According to data from Seattle-based analytics firm Headset, sales of cannabis-infused beverages increased 40.3% last year compared to 2019 across all states where recreational cannabis is legal. That compares with 39.4% growth for the overall cannabis market.
Despite the sales surge, the category remains small beer in terms of alcohol volumes, but all eyes are on Washington.
Vice President Kamala Harris was an advocate of federal legalisation of cannabis for recreational use during her term as a California senator and the state’s attorney-general and she now has president Biden’s ear.
Rumours on Capitol Hill are growing louder that Biden will include decriminalisation of cannabis possession and use in soon-to-be-published draft legislation. If they are well founded, the prospects for cannabis-infused drinks increase hugely.
Much will depend on the structure and content of any new federal rules, the revenue-raising potential individual states see from cannabis-infused drinks and the likelihood of profitability to producers.
The big players are eyeing the market with interest.
Constellation is ready to go with a range from Canopy that could be pushed out via its efficient nationwide network of distributors once production can be scaled up. Others such as Pabst Blue Ribbon and Lagunitas Brewing already have their own THC-infused drinks in production in the US.

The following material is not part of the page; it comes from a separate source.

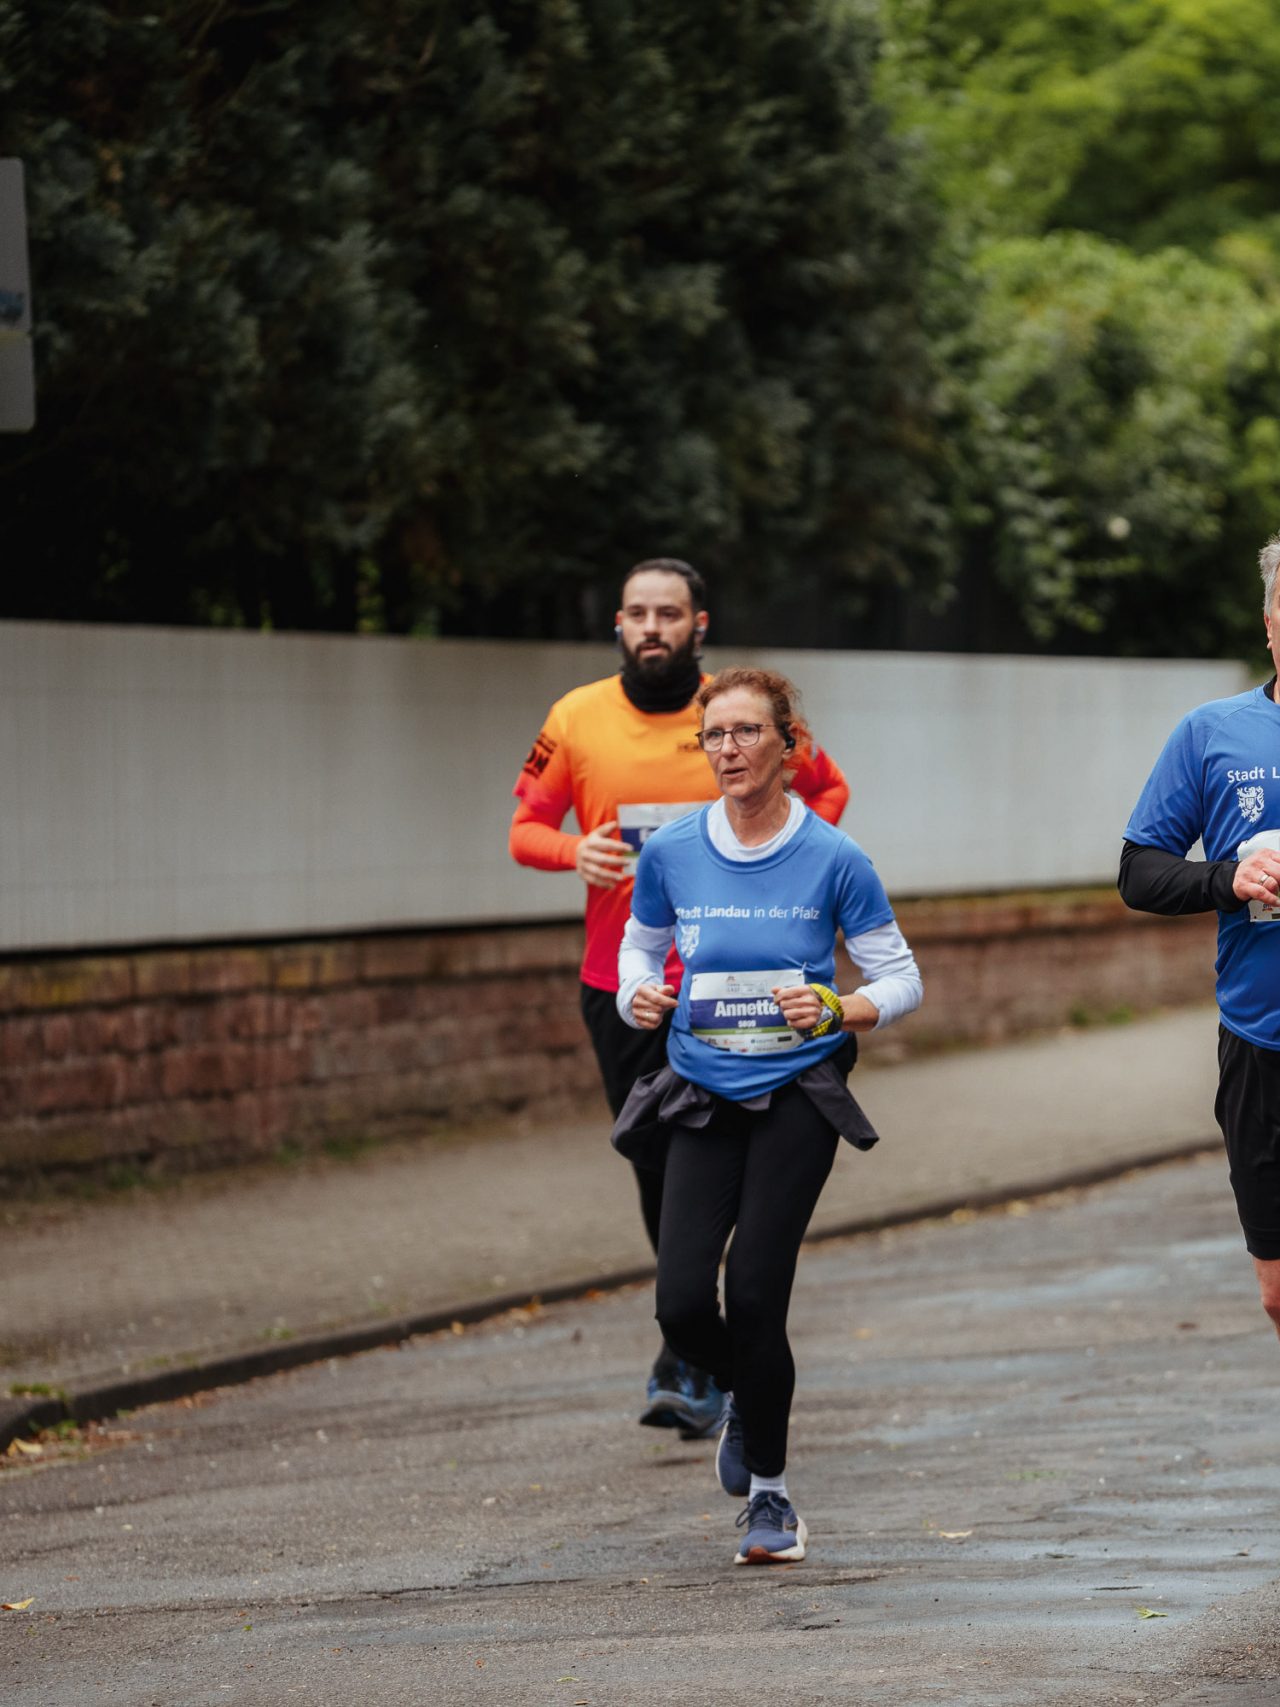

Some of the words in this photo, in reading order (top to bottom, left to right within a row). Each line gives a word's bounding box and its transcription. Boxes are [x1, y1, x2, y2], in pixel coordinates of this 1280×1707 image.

But until federal law changes, California will remain a testing ground to develop THC-infused beverages and especially to hone their marketing strategies.
Hard seltzers came from a standing start in 2015 and now represent a meaningful segment of the US alcohol market, despite growth rates easing from their spectacular progress during lockdown.
Many believe that THCs will follow the same initial trajectory once they become more widely available and production costs are pared. But it still could be some time before Constellation reaps the rewards it hopes for from its US$4 billion stake in Canopy Growth.